This is where being really picky has actually served me quite well, because I can't stand most processed/mass-produced foodstuffs. Not in a "I'm so virtuous and above it all" sort of way but in a literal "this is as bad as eating brussels sprouts, I kind of want to hurl" sort of way.

As a result, even when I attended schools that served lunches, I always packed mine (ham or turkey sandwich on a bagel, apple, snack-sized bag of some sort of chips). And frozen dinners? I've eaten very few in my life because something about the texture just skeeves me out. Canned foods also.
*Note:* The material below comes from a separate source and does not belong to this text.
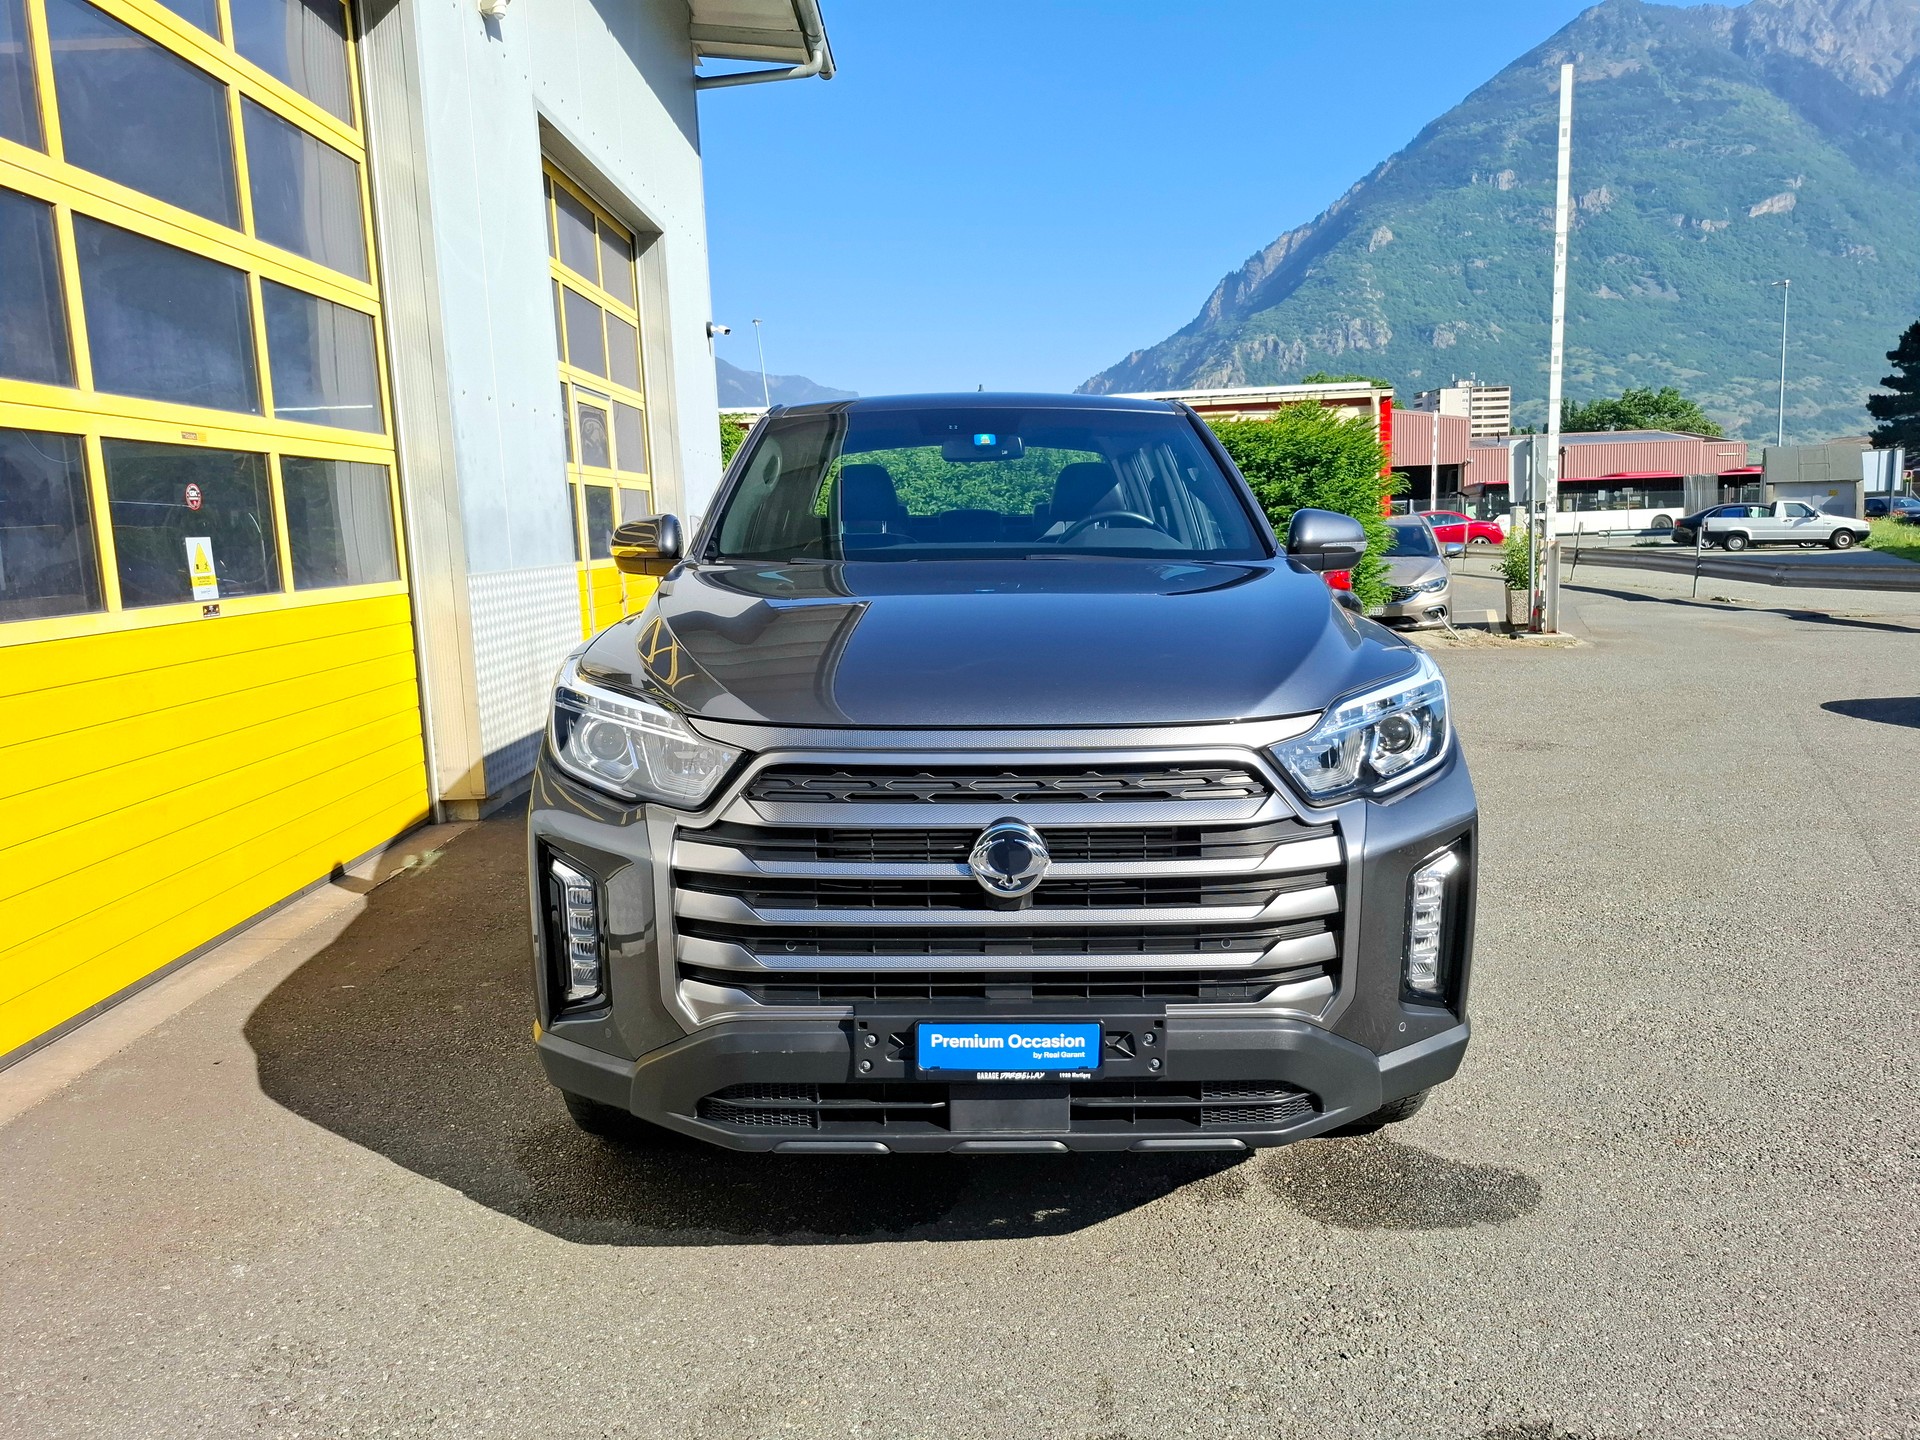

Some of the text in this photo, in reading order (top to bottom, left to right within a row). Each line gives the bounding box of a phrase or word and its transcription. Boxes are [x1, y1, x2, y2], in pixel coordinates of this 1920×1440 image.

Basically anything that is in any way mushy or slimy when god did not intend it to be so naturally just makes me wan to run for the hills.

But when I was teaching in public schools, I was on a regular basis horrified at the lunches. Not just health-wise, because it wasn't even appetising junk food, it was always just gross-ass shit. Nasty floppy greasy flavourless frozen pizza, shoe-leather-style grey burger-pucks, ugh, no. And the salad bar? Ugh. Iceburg lettuce and vegetables that went around the bend days ago. No.

[identity profile] mrv3000.livejournal.com 2010-03-29 08:15 pm (UTC)(link)
This is where being really picky has actually served me quite well, because I can't stand most processed/mass-produced foodstuffs. Not in a "I'm so virtuous and above it all" sort of way but in a literal "this is as bad as eating brussels sprouts, I kind of want to hurl" sort of way.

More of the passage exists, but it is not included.